Sanfilippo Syndrome is a neurodegenerative disorder that affects just over 100 children in the UK. It’s like Alzheimer’s, but in kids. The condition steals abilities like walking, talking, and even eating, often progressing rapidly after age five. For Tammy, the thought of Tate losing his mobility is one of the hardest things to face. 'He’s my handsome little man,' she says, 'and I’ll do anything to give him a better quality of life.'
The family’s hope rests on a drug called UX111, which could be approved in the US later this year. If it gets the green light, Tate might start treatment by summer, potentially slowing the disease’s progression. But here’s the catch: accessing this treatment isn’t cheap. Tammy has already raised £35,000 for a clinical trial, but the costs could soar into the hundreds of thousands, especially with a year of monitoring in the US. 'We’ll get there,' she says determinedly, but the financial and emotional toll is immense.
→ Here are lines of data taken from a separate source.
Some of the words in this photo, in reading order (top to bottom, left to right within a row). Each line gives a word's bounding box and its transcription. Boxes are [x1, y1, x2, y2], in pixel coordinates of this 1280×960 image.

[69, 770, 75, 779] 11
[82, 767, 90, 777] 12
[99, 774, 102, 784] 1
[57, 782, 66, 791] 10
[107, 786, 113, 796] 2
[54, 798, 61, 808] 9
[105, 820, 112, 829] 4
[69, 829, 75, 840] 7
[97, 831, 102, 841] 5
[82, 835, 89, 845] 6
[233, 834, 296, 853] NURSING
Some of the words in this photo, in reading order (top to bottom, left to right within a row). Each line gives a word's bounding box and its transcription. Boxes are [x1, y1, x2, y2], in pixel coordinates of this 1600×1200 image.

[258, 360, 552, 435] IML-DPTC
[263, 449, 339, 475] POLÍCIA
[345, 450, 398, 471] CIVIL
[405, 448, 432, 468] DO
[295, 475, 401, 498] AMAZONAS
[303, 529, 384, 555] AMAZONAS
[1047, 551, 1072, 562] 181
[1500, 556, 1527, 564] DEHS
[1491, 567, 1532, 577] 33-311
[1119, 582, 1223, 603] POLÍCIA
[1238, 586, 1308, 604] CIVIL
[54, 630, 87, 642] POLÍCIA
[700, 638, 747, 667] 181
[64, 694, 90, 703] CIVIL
And this is where it gets even more complex—should families like Tammy’s have to fight so hard for potentially life-changing treatments? Is it fair that access to such drugs often depends on fundraising and geographic location? These are questions that spark debate, and Tammy’s story invites us to think deeply about the inequities in healthcare.
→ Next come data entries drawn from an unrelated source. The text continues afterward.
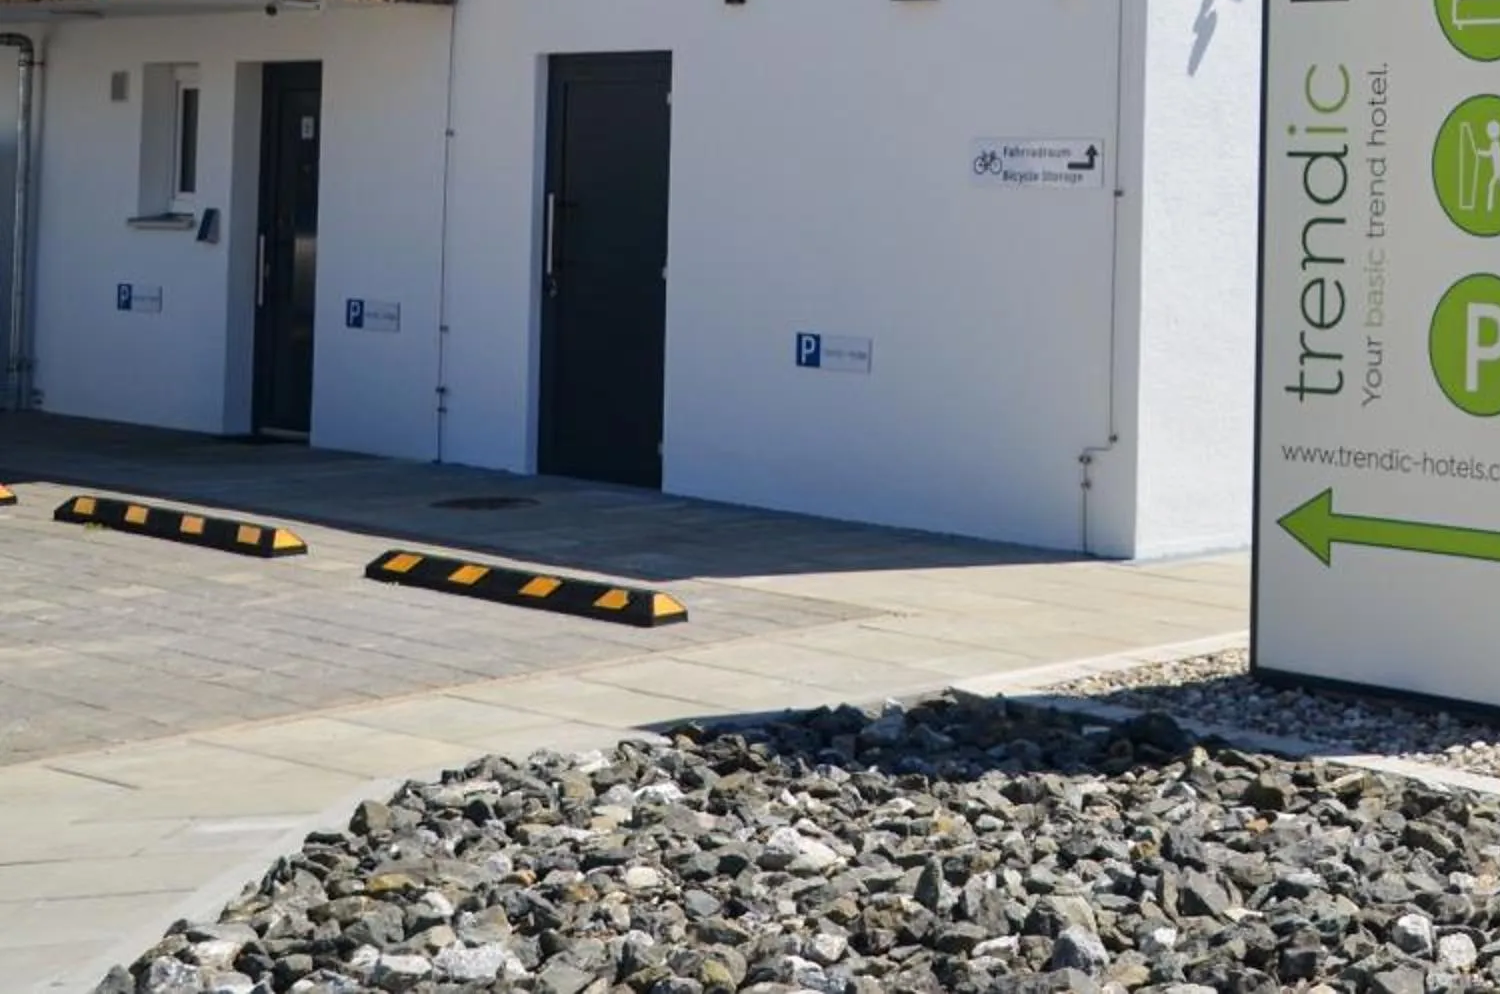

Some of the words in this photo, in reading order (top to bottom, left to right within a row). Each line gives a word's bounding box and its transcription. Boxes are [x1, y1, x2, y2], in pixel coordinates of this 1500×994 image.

[1366, 63, 1389, 148] hotel.
[1284, 63, 1350, 402] trendic
[1366, 157, 1386, 239] trend
[350, 301, 361, 324] P
[1364, 248, 1386, 329] basic
[801, 335, 816, 365] P
[1361, 336, 1383, 408] Your
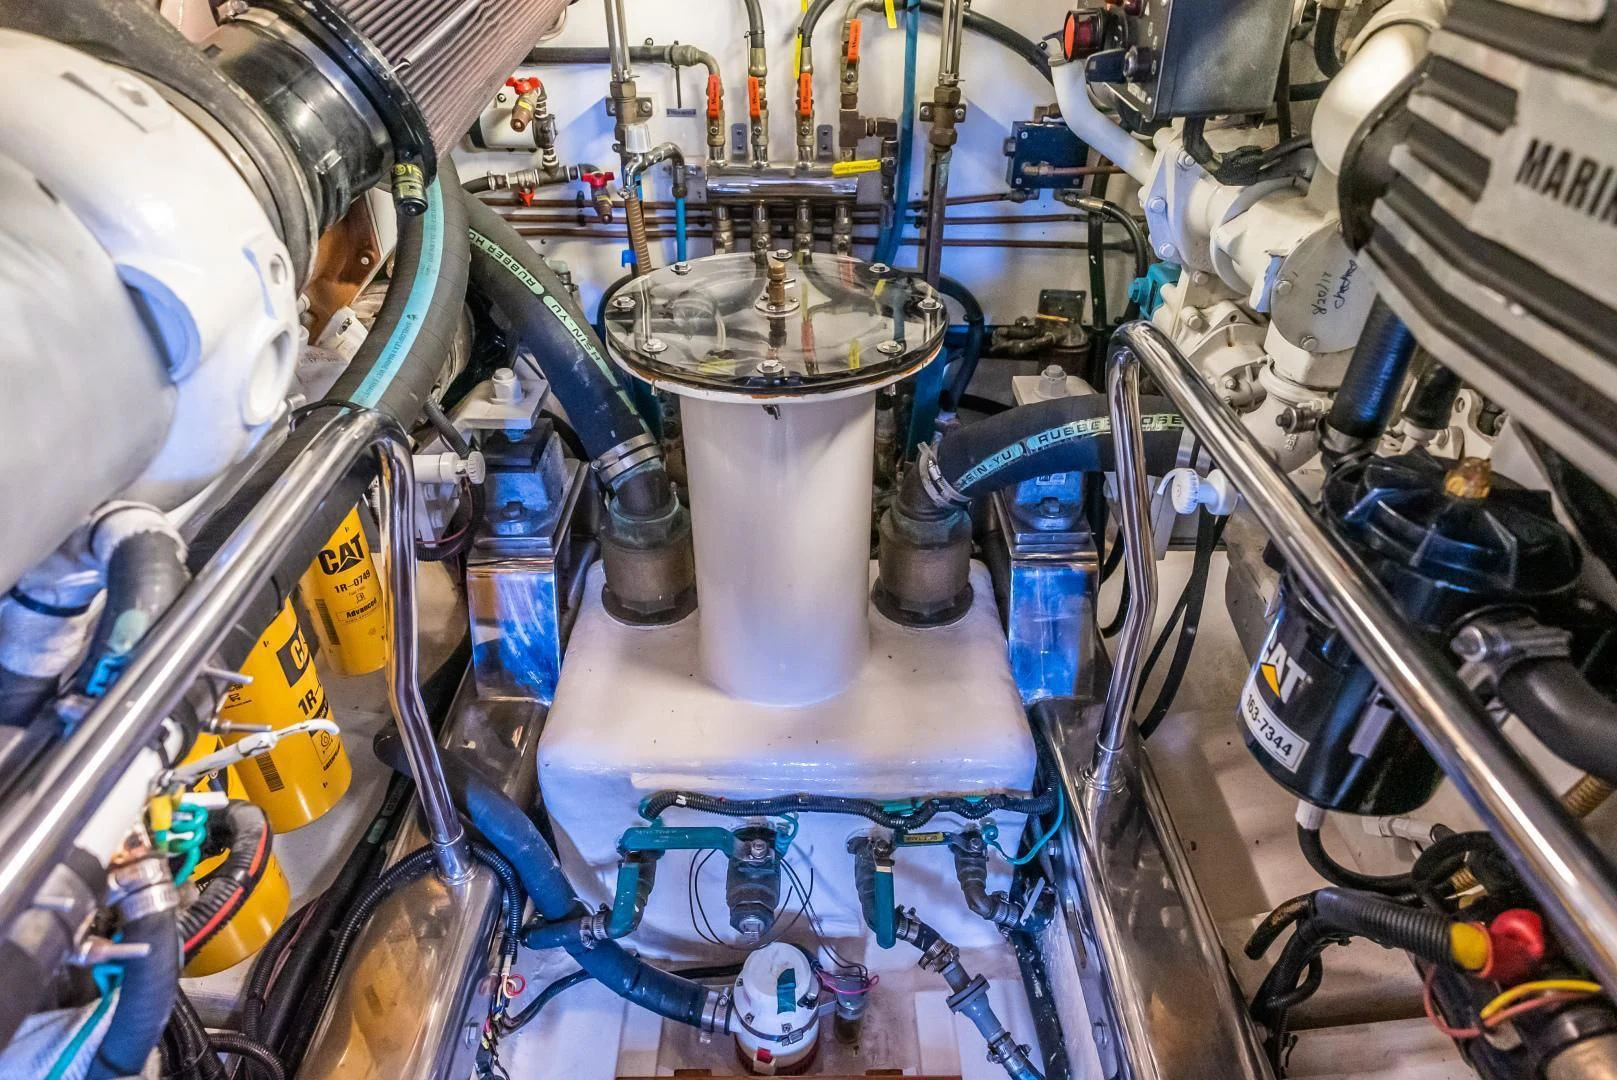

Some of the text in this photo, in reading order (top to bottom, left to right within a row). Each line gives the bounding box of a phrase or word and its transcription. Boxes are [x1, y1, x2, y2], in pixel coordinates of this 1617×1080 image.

[468, 231, 600, 361] HSIN-YU RUBBER HO
[1140, 414, 1183, 426] OSE
[317, 531, 365, 576] CAT
[333, 568, 372, 595] 1R-0749
[1246, 694, 1294, 757] 163-7344
Meanwhile, Tammy is focusing on 'living in the moment' with Tate. They recently celebrated their birthdays (just two days apart) in Fuerteventura, where Tate, a 'water baby,' splashed in pools and explored a water park. 'It was nice to forget reality for a while,' Tammy shares. She’s also planning trips to Germany and collecting fridge magnets from every country they visit—a simple yet beautiful way to make memories.
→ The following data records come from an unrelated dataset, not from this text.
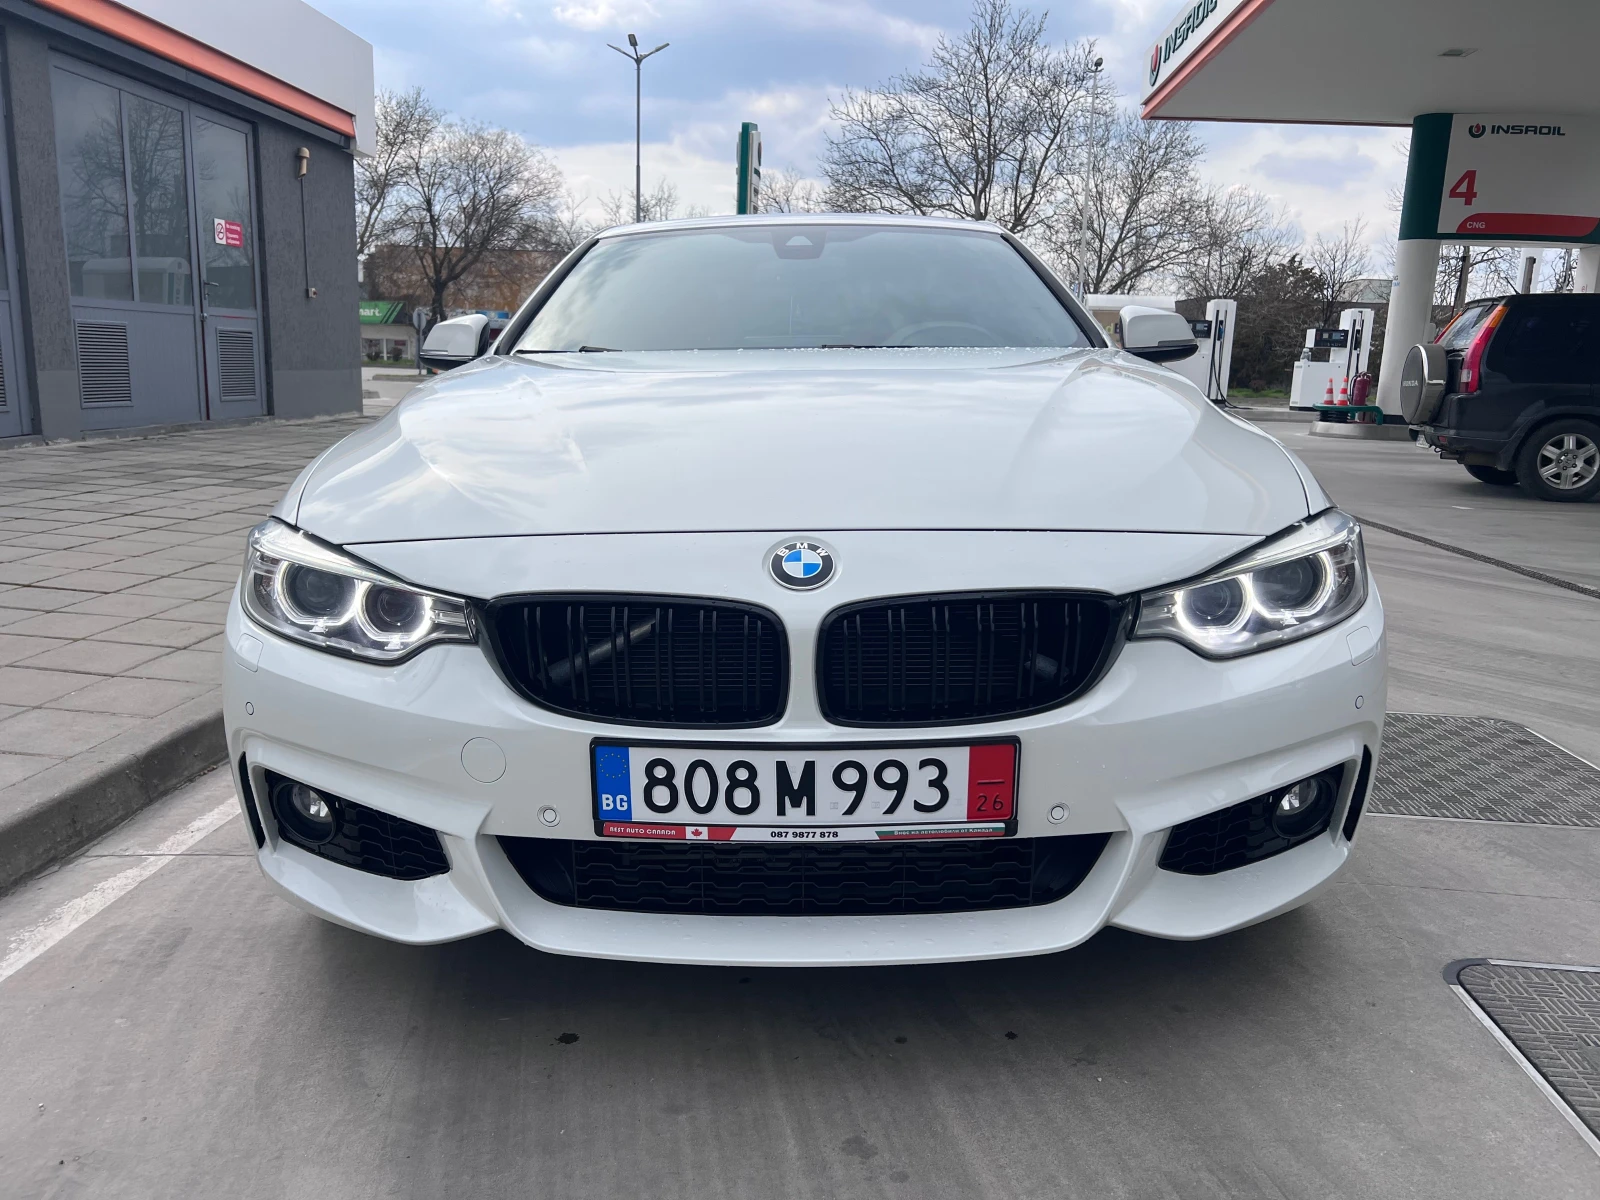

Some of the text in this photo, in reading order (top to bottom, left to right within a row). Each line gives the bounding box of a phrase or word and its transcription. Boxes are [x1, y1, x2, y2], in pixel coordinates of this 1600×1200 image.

[1490, 124, 1566, 136] INSAOIL
[1448, 169, 1478, 206] 4
[1466, 221, 1486, 229] CNG
[776, 542, 829, 557] BMW
[643, 757, 950, 817] 808 M 993
[601, 793, 628, 811] BG
[976, 793, 1005, 812] 26
Tate’s progress is heartwarming. He started full-time school in September, interacts with peers, and even helps around the house. 'One day, he took off his shoes and put his socks in the washing machine before I could even settle in,' Tammy recalls, her pride palpable. She’s also hopeful about intensive speech therapy, as Tate is non-verbal, and wants to raise awareness about childhood dementia through her advocacy.
But here’s the thought-provoking question: What if this drug works for Tate—what does it mean for the hundreds of other children with Sanfilippo Syndrome? And what if it doesn’t? Tammy’s journey isn’t just about her son; it’s a call to action for more research, funding, and compassion. Her story challenges us to consider: How far would you go for your child? And what can we do collectively to ensure no family faces this battle alone?
As Tammy says, 'I know it’s not a cure, but it could give him a significantly better life.' Let’s hope her fight—and Tate’s resilience—inspires change. What’s your take? Share your thoughts in the comments.